The one in ten twist is not optimal for the over 100 grain it seems. the one in 8 looks like i takes over there. Try crunching the numbers on the 103 eldx on a twist calculator. i use 143 eldx in my 260rem varmint rifle and it has been very good at range.

----------


## Tussock

> like your style Tussock  . . . put the practice in and getting the results
> 
> what ammo & scope/reticle ?


Good old fashioned Powerpoint, but the newer 42gr stuff. Scope was a very ordinary Nikon Pro-staff which broke the next day. I'm practicing image retention of fall of shot against a plain reticle. It works well. I don't have any of my LR gear set up, so I have been playing with absolutely bog standard gear and reticle hold. It works a lot better than you might imagine and makes for very fast shooting. 

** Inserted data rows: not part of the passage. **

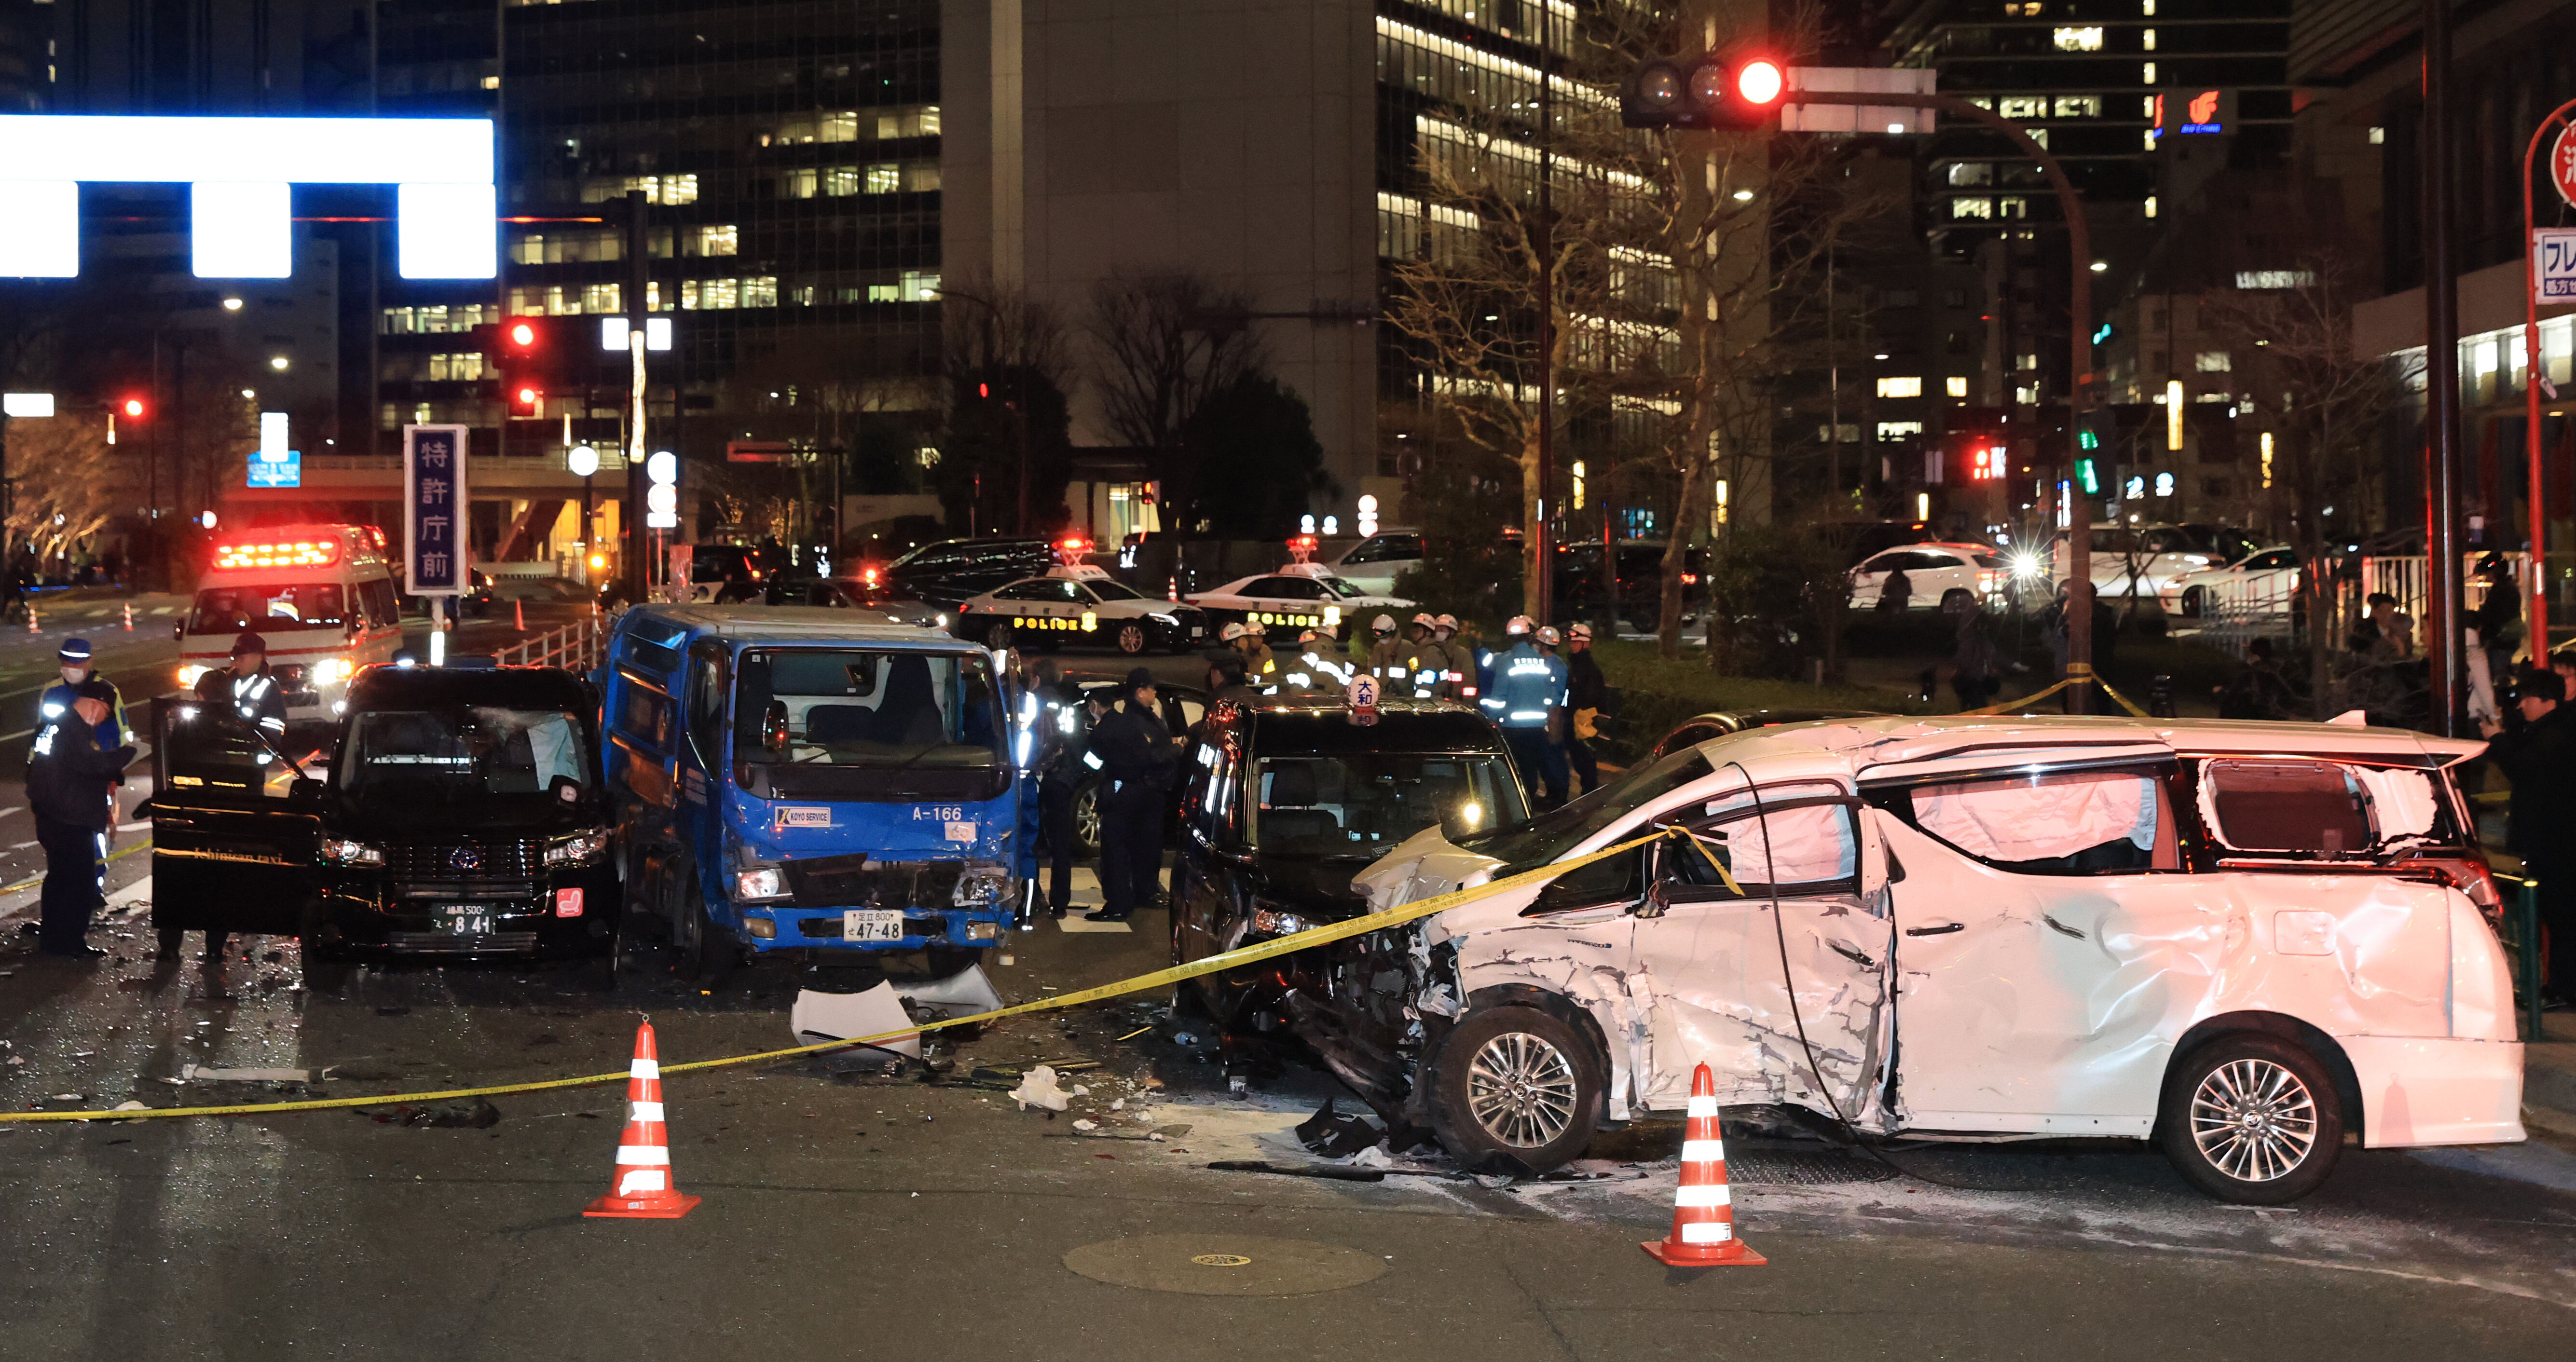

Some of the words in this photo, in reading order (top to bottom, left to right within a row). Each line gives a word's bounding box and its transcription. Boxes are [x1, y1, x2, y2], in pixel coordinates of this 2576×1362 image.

[420, 441, 448, 578] 特許庁前
[1014, 617, 1078, 630] POLICE
[1248, 612, 1318, 627] POLICE
[1357, 681, 1372, 705] 大和
[790, 812, 805, 821] KOYO
[806, 813, 827, 821] SERVICE
[913, 806, 961, 821] A-166
[466, 905, 482, 915] 500
[857, 923, 899, 938] 47-48

I'm just carrying my Leica 1200 in my top pocket and that is it. Good old school fun.

----------


## SlimySquirrel

That’s a great question mate!

Can’t remember but @Thar used them a lot too I think.

2950 from memory so I’ll have to go trawling through my notes....

----------


## Micky Duck

> Interesting how he uses game kings.
> 
> I would have thought that since a rabbit is well... A light skinned rabbit then the cheap as chips fmj you can buy would be the best option. Cheap shooting.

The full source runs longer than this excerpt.